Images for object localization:
──────

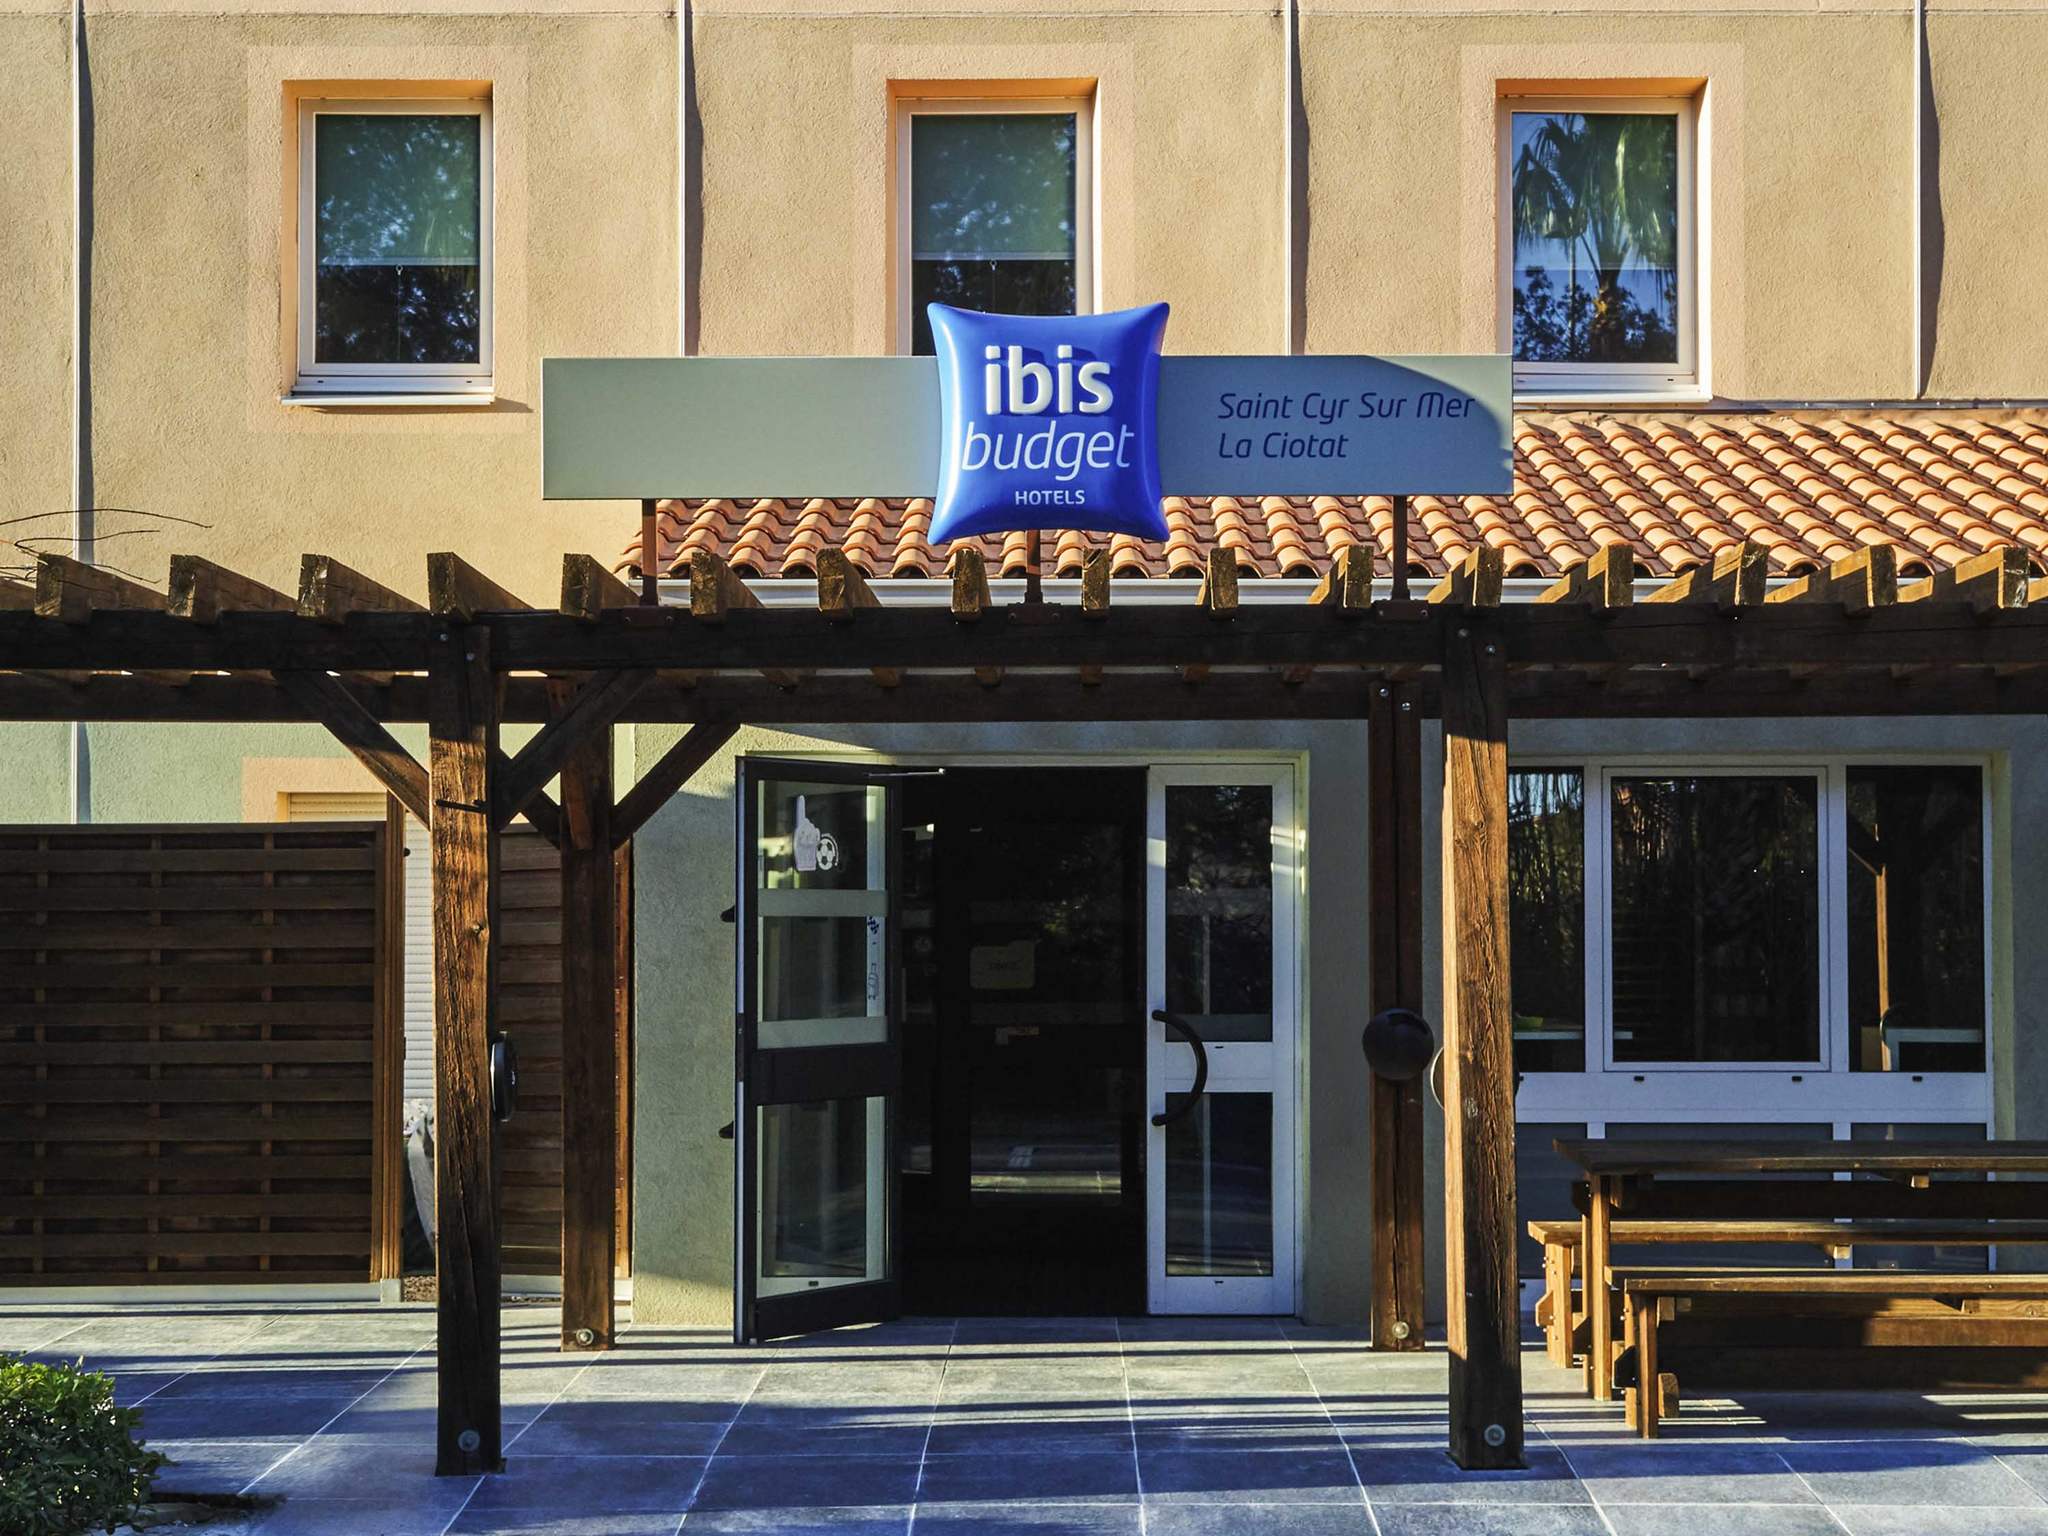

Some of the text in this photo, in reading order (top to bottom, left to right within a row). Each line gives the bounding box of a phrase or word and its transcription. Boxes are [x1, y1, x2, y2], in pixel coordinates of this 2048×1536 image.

[985, 344, 1114, 415] ibis
[1218, 392, 1475, 425] Saint Cyr Sur Mer
[961, 420, 1135, 481] budget
[1218, 432, 1349, 458] La Ciotat
[1015, 490, 1085, 505] HOTELS

──────

The problem =>
The answer must be an exact copy of every record above, minus the pictures.

Task solution =>
Some of the text in this photo, in reading order (top to bottom, left to right within a row). Each line gives the bounding box of a phrase or word and its transcription. Boxes are [x1, y1, x2, y2], in pixel coordinates of this 2048×1536 image.

[985, 344, 1114, 415] ibis
[1218, 392, 1475, 425] Saint Cyr Sur Mer
[961, 420, 1135, 481] budget
[1218, 432, 1349, 458] La Ciotat
[1015, 490, 1085, 505] HOTELS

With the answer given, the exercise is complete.